▶ [Work instructions]:
Give back the whole listing verbatim, printing none of its pictures.

_ _ _ _

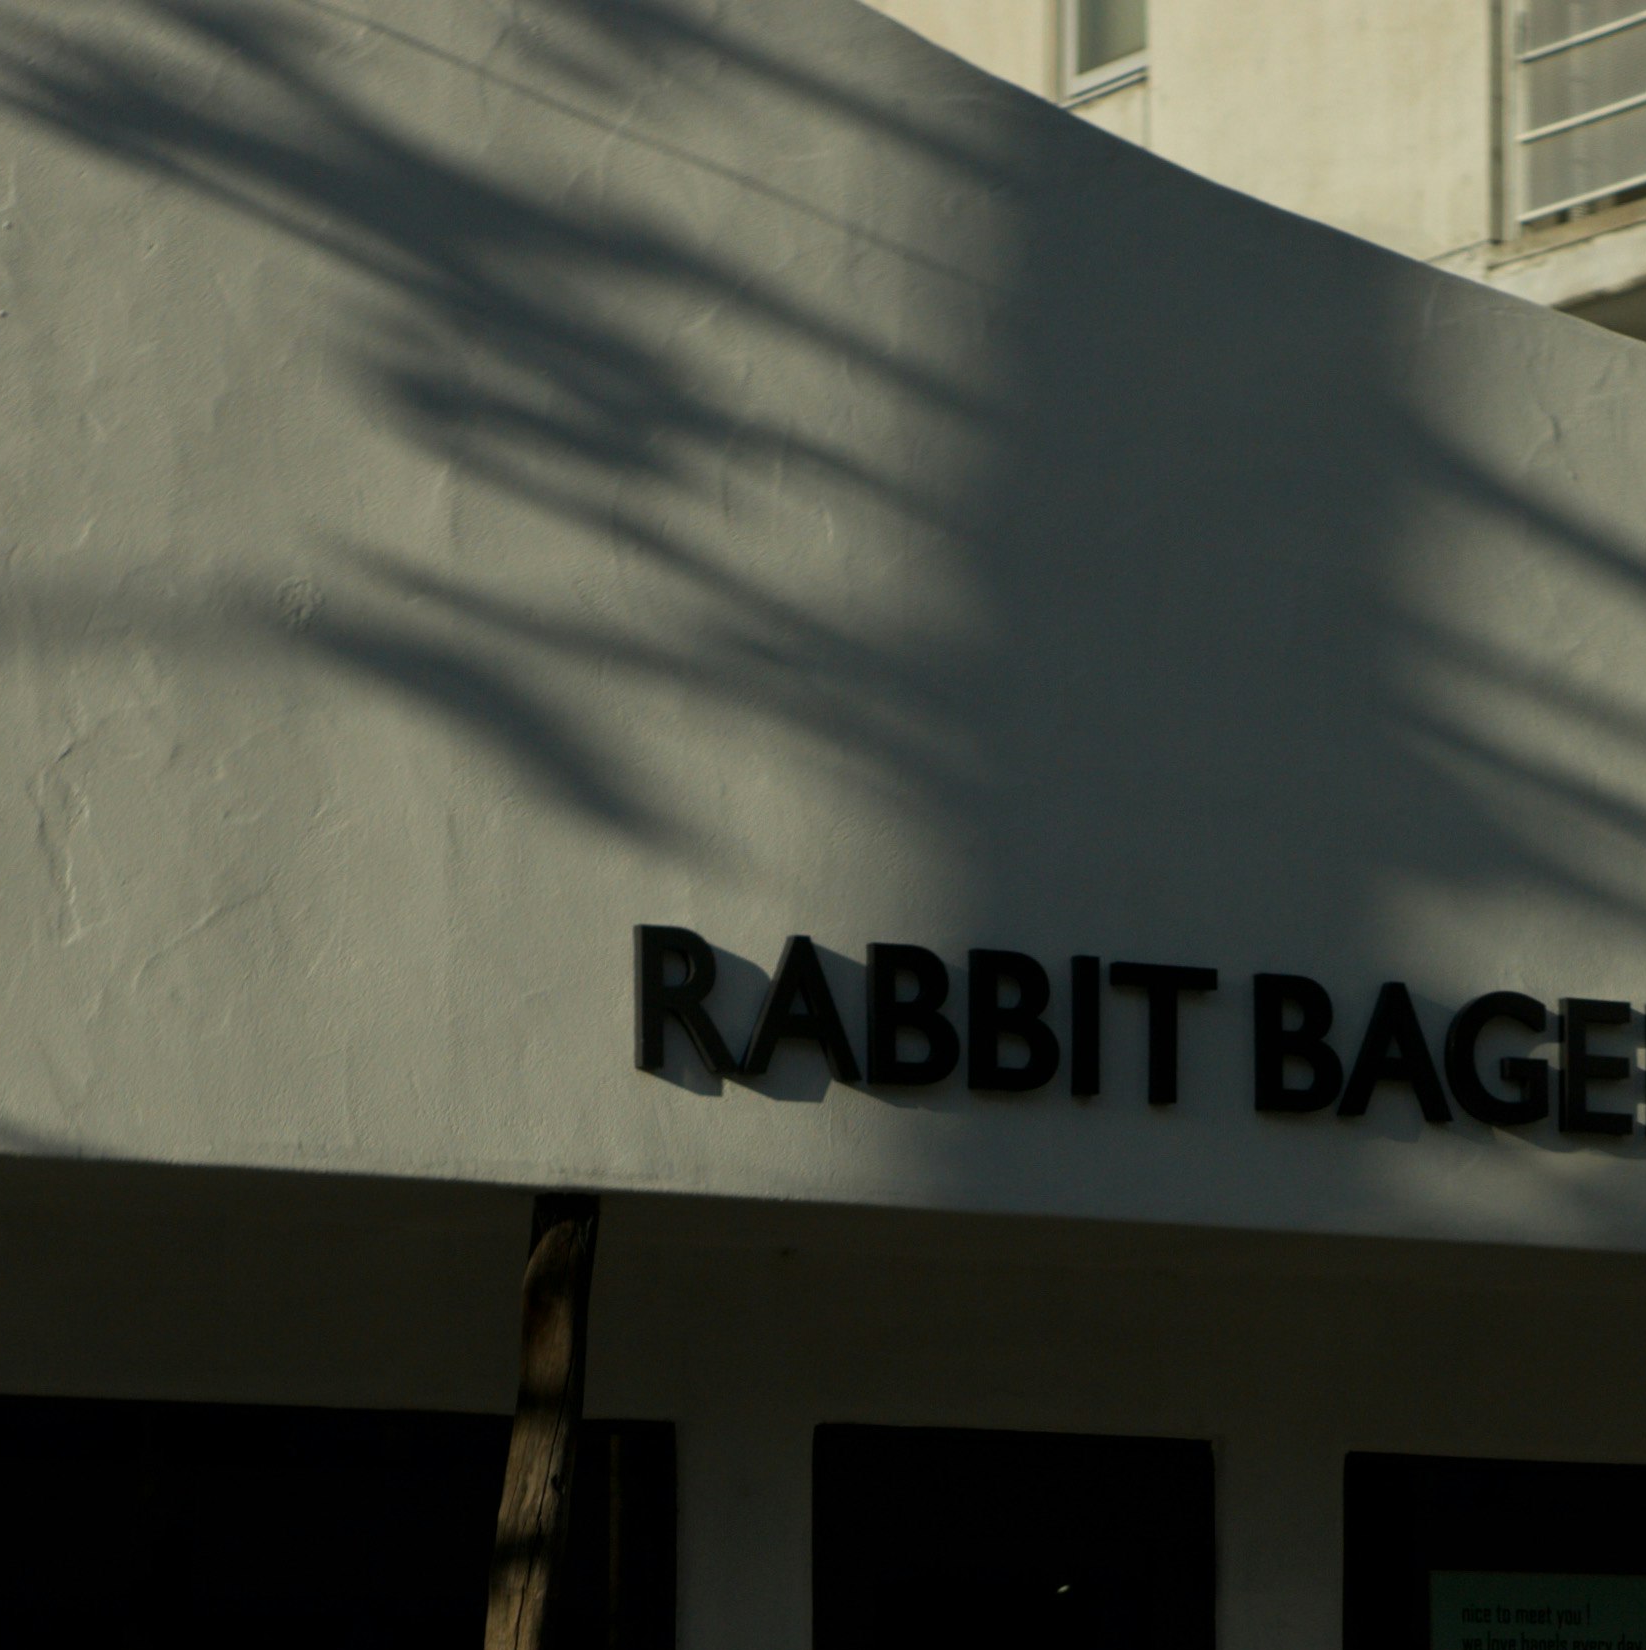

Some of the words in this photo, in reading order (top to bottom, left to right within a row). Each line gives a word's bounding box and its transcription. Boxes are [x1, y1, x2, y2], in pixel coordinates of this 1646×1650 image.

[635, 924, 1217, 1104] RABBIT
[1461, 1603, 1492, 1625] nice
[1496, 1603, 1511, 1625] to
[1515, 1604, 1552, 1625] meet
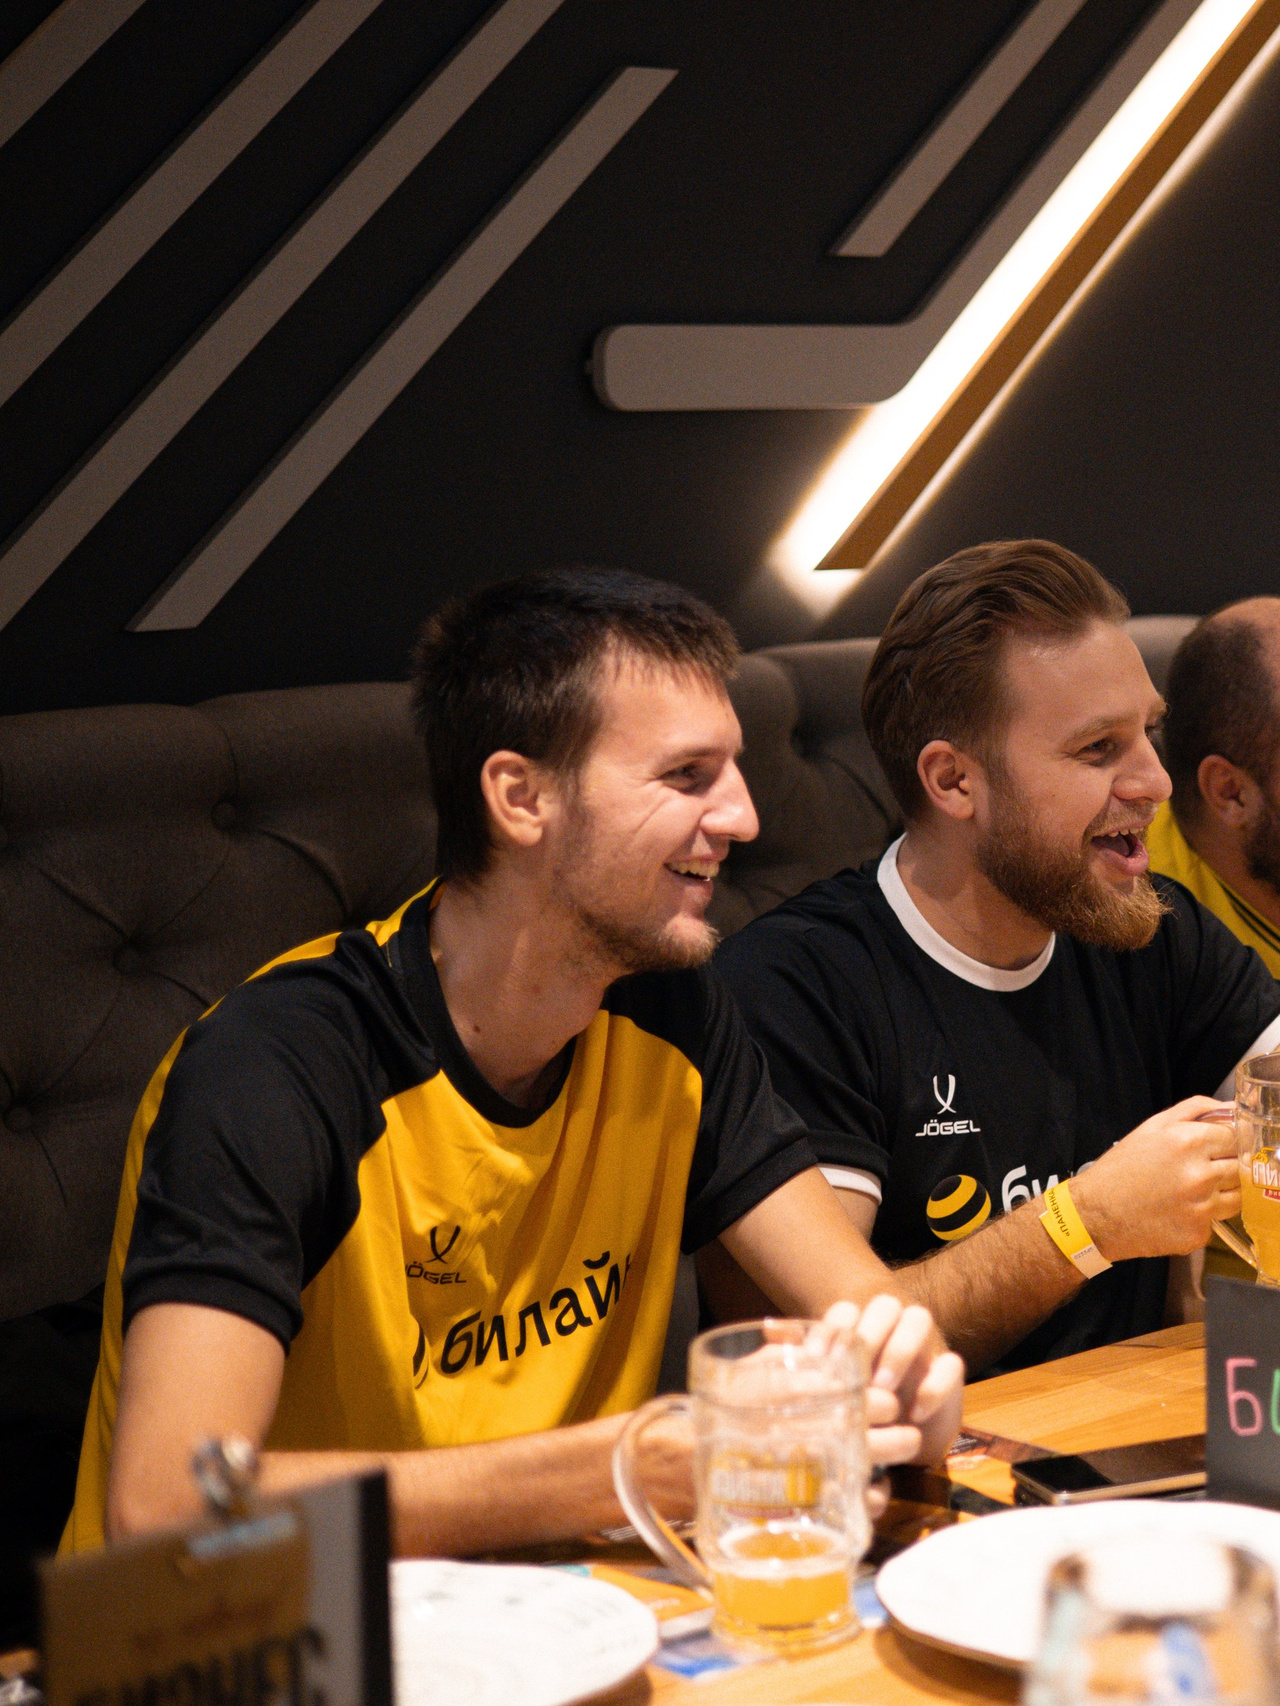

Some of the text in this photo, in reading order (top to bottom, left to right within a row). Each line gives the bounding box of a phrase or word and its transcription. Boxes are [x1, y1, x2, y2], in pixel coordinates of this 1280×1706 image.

_ _ _ _

▶ [Reply to the exercise]:
Some of the words in this photo, in reading order (top to bottom, left to right within a row). Each line gives a word's bounding box and its transcription. Boxes are [x1, y1, x2, y2], in pixel coordinates of this 1646×1650 image.

[635, 924, 1217, 1104] RABBIT
[1461, 1603, 1492, 1625] nice
[1496, 1603, 1511, 1625] to
[1515, 1604, 1552, 1625] meet

Some of the text in this photo, in reading order (top to bottom, left to right within a row). Each line gives the bounding box of a phrase or word and its transcription. Boxes are [x1, y1, x2, y2], in pixel coordinates of this 1280×1706 image.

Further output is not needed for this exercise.